TORINO: LE SCUOLE VICINO AD ASKATASUNA RIAPRONO, LA MILITARIZZAZIONE RESTA. POSTO DI BLOCCO E CONTROLLI SU GENITORI E BAMBINI
“Sono potuto entrare a portare nell’area pedonale del quartiere perché avevo mio
figlio in braccio. Altre mamme che avevano appena lasciato i figli a scuola sono
state fermate perché la loro passeggiata non era adeguatamente giustificata
secondo le forze dell’ordine”: queste le parole di un genitore della scuola
dell’infanzia che condivide il giardino con il centro sociale Askatasuna di
Torino.
La situazione a quasi 3 settimane dallo sgombero è ancora di militarizzazione
dell’area. Le scuole, dopo due settimane abbondanti di chiusura per le festività
natalizie, oggi hanno riaperto con la presenza costante delle forze di polizia e
carabinieri.

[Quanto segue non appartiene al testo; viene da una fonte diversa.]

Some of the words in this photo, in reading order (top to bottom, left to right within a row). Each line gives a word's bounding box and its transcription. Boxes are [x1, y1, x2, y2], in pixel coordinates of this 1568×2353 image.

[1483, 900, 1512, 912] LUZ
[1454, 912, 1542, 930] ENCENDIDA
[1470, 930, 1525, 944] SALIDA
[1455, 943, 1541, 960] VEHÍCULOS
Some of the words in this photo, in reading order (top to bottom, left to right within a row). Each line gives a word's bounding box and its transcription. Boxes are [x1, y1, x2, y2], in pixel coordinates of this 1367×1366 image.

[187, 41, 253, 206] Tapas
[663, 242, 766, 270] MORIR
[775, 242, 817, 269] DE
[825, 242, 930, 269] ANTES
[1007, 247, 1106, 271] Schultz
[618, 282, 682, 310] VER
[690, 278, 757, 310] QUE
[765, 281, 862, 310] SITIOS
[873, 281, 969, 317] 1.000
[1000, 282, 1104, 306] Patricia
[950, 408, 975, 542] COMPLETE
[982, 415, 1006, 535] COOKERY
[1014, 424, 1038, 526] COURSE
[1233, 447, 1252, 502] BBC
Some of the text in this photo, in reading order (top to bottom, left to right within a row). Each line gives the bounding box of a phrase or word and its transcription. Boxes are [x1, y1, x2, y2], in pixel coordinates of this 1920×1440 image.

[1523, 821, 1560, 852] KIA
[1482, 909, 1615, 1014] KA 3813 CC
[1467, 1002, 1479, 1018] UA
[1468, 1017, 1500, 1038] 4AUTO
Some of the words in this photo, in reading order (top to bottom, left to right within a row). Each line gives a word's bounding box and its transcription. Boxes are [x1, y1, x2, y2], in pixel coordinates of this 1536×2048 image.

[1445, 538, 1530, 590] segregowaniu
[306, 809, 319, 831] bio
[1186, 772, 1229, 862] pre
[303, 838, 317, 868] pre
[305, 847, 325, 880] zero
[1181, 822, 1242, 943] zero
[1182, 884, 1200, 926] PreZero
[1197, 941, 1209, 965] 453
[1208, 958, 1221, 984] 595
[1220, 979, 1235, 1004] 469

Anche per chiedere di riavere accesso ai propri spazi, nel
pomeriggio di mercoledì è stata organizzata una merenda collettiva negli spazi
vicini al centro sociale. “Erano spazi che abbiamo sempre usato e queste
iniziative le abbiamo sempre fatte: vogliamo che tornino ad essere normali”. Ai
microfoni di Radio Onda d’Urto alcune testimonianze raccolte durante la merenda.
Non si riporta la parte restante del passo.